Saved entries
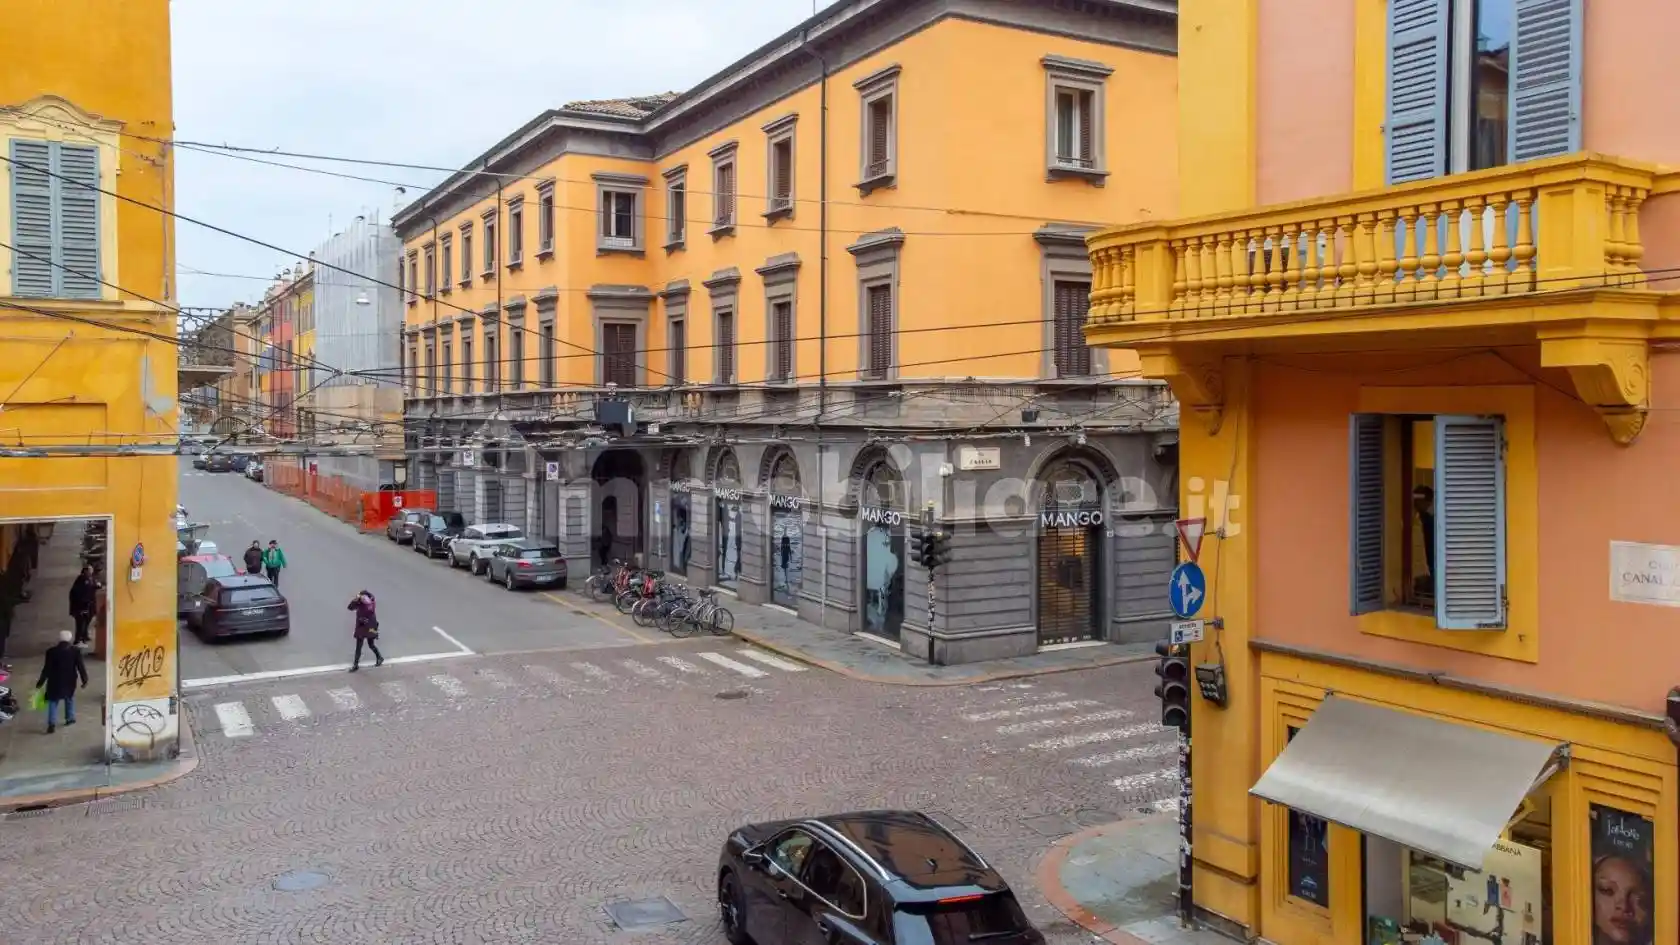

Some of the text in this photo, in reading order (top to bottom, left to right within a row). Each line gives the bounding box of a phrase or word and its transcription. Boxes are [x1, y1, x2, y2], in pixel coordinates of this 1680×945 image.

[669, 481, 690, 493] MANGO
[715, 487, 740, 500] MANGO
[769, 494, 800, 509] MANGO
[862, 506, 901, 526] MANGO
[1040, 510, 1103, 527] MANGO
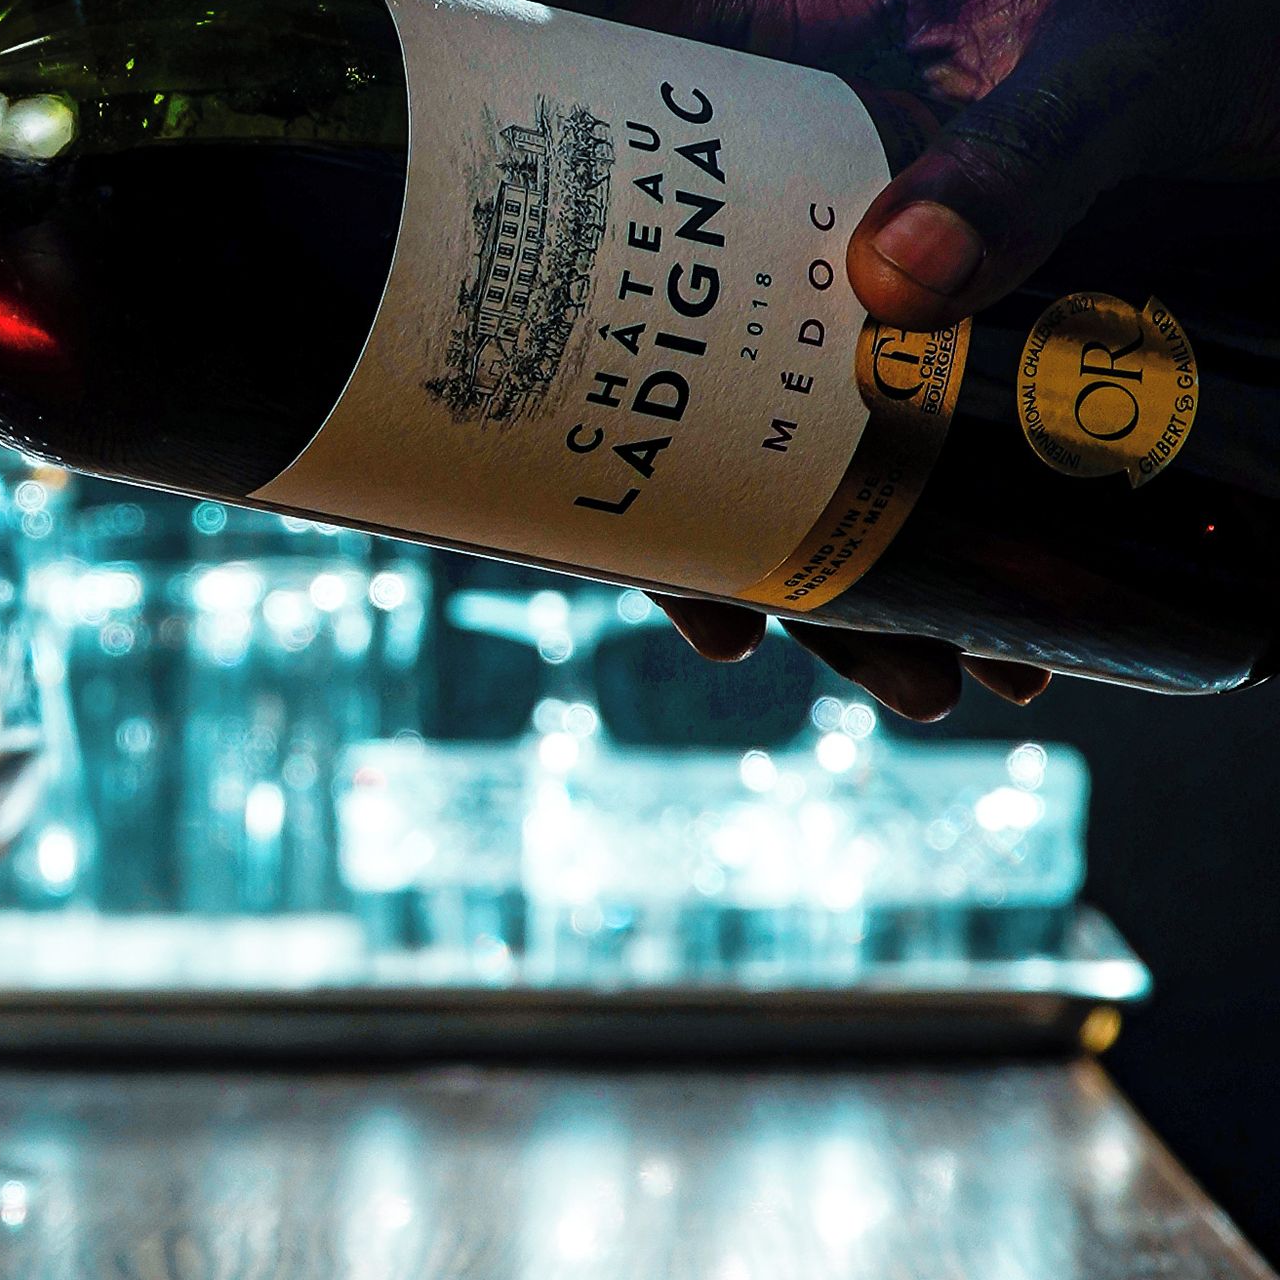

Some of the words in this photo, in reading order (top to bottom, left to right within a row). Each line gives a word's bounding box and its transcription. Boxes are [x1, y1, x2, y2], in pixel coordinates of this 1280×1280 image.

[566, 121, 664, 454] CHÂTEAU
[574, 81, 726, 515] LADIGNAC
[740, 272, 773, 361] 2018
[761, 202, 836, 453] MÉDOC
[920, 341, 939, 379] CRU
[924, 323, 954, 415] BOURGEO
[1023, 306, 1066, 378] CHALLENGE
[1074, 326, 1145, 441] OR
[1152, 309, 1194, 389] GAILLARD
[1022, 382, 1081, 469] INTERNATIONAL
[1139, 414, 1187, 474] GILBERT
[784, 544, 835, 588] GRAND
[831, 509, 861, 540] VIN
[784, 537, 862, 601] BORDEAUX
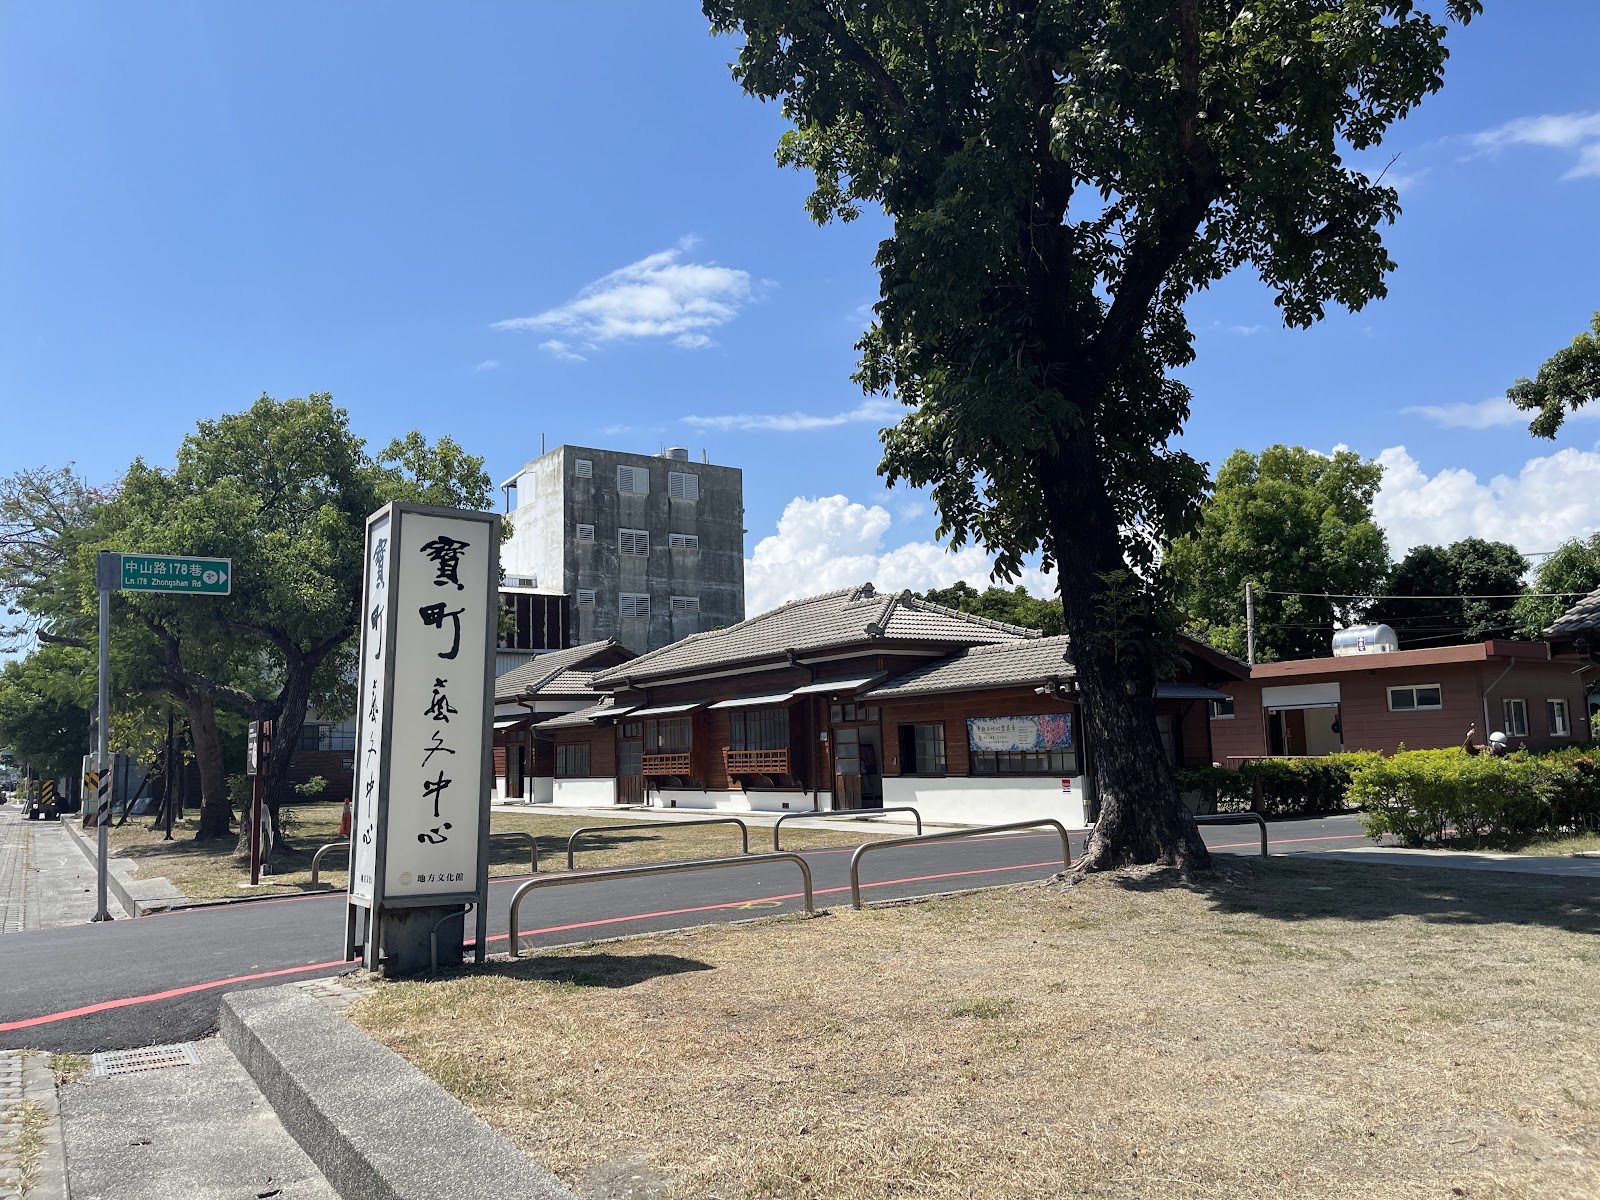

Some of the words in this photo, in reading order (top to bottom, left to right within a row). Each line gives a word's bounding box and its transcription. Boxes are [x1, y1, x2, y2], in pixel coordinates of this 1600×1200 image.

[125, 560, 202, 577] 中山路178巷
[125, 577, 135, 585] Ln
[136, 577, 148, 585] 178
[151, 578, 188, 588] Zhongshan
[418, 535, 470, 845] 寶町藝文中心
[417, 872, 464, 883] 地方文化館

▶ [Task to complete]: Each line from the one containing "this 1600×1200 image." to the final line above should be written out exactly; please omit the others.

▶ [Result for this task]:
Some of the words in this photo, in reading order (top to bottom, left to right within a row). Each line gives a word's bounding box and its transcription. Boxes are [x1, y1, x2, y2], in pixel coordinates of this 1600×1200 image.

[125, 560, 202, 577] 中山路178巷
[125, 577, 135, 585] Ln
[136, 577, 148, 585] 178
[151, 578, 188, 588] Zhongshan
[418, 535, 470, 845] 寶町藝文中心
[417, 872, 464, 883] 地方文化館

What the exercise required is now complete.